ChatGPT still has 81% market share as of this very moment, vs Gemini's ~2%, and arguably still provides the best UX and branding.
Everyone and their grandma knows "ChatGPT", who outside developers' bubble has even heard of Gemini Flash?
Yea I don't think that dynamic is switching any time soon.
[-]
- scrollop 2 hours ago
  Says the CEO of MySpace.
- riku_iki 2 hours ago
  > ChatGPT still has 81% market share as of this very moment, vs Gemini's ~2%
  where did you get this from?
anonym29 5 hours ago
I never have, do not, and conceivably never will use gemini models, or any other models that require me to perform inference on Alphabet/Google's servers (i.e. gemma models I can run locally or on other providers are fine), but kudos to the team over there for the work here, this does look really impressive. This kind of competition is good for everyone, even people like me who will probably never touch any gemini model.
[-]
- oklahomasports 3 hours ago
  You don’t want Google to know that you are searching for like advice on how much a 61 yr old can contribute to a 401k. What are you hiding?
  [-]
  - anonym29 3 hours ago
    Why do you close the bathroom stall door in public?
    You're not doing anything wrong. Everyone knows what you're doing. You have no secrets to hide.
    Yet you value your privacy anyway. Why?
    Also - I have no problem using Anthropic's cloud-hosted services. Being opposed to some cloud providers doesn't mean I'm opposed to all cloud providers.
    [-]
    - happyopossum 3 hours ago
      > I have no problem using Anthropic's cloud-hosted services
      Anthropic - one of GCP’s largest TPU customers? Good for you.

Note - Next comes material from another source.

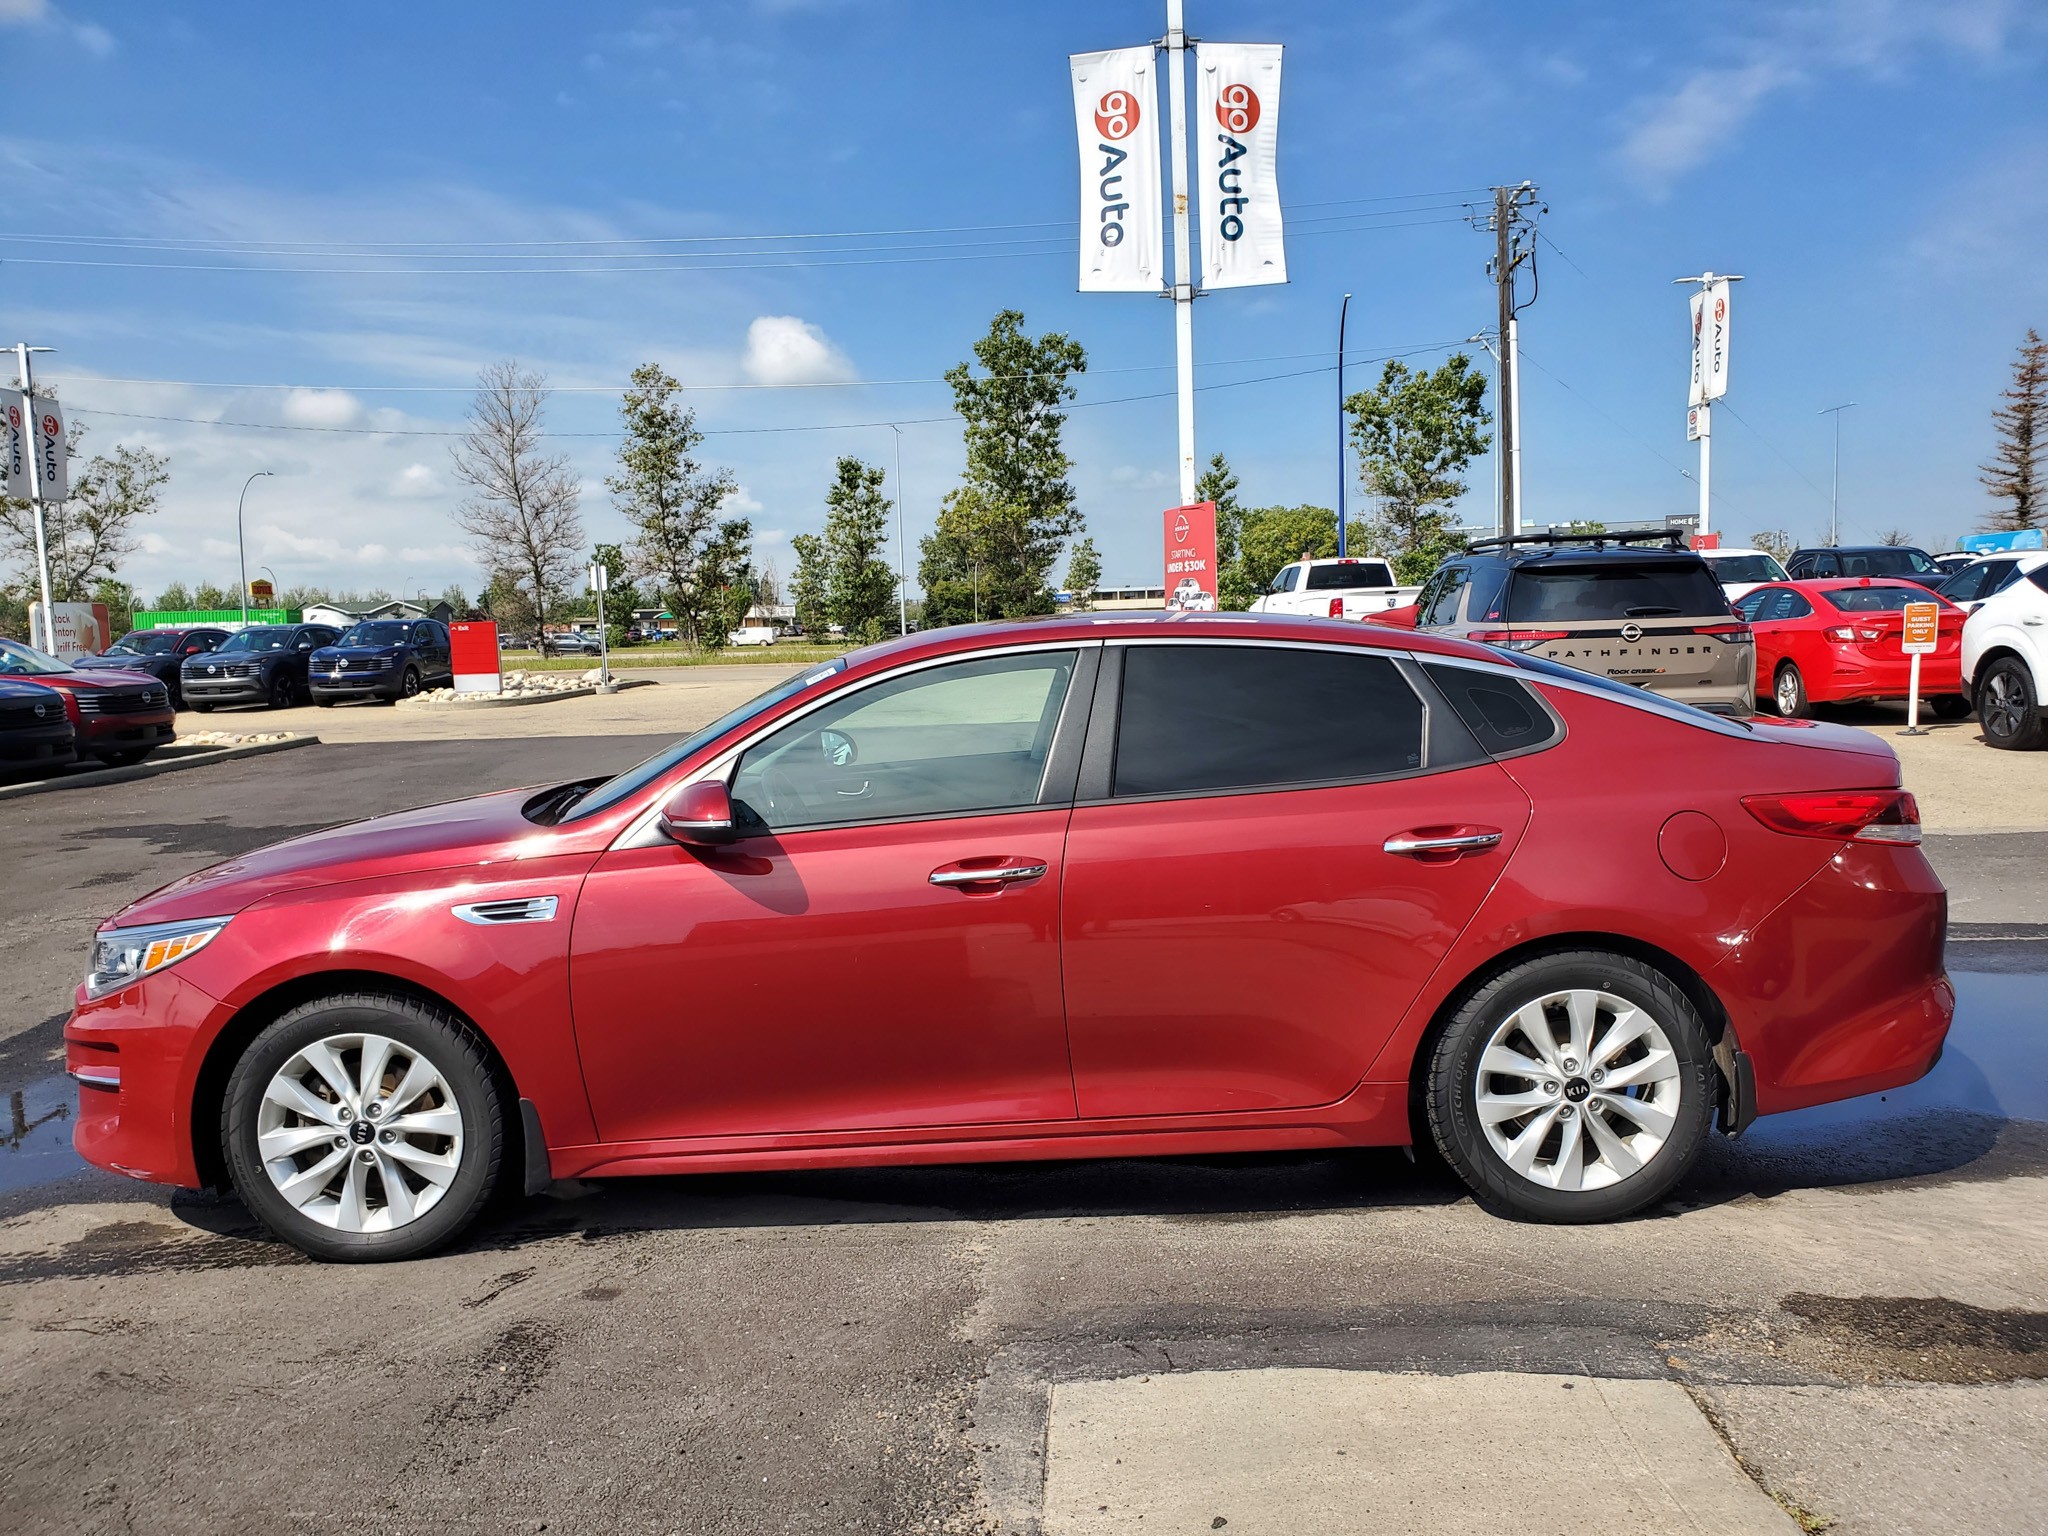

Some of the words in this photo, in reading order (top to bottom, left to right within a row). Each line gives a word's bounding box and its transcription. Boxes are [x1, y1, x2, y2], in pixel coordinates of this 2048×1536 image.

      https://www.anthropic.com/news/expanding-our-use-of-google-c...
andrepd 5 hours ago
Is there a way to try this without a Google account?
[-]
- mschulkind 5 hours ago
  Just use openrouter or a similar aggregator.
moralestapia 5 hours ago
Not only it is fast, it is also quite cheap, nice!
i_love_retros 40 minutes ago
Oh wow another LLM update!
inquirerGeneral 5 hours ago
[dead]
Lucasjohntee 4 hours ago
[dead]
imvetri 5 hours ago
this is why samsung is stopping production in flash
[-]
- Tepix 5 hours ago
  This is why they stopped The Flash after season 9 in 2023.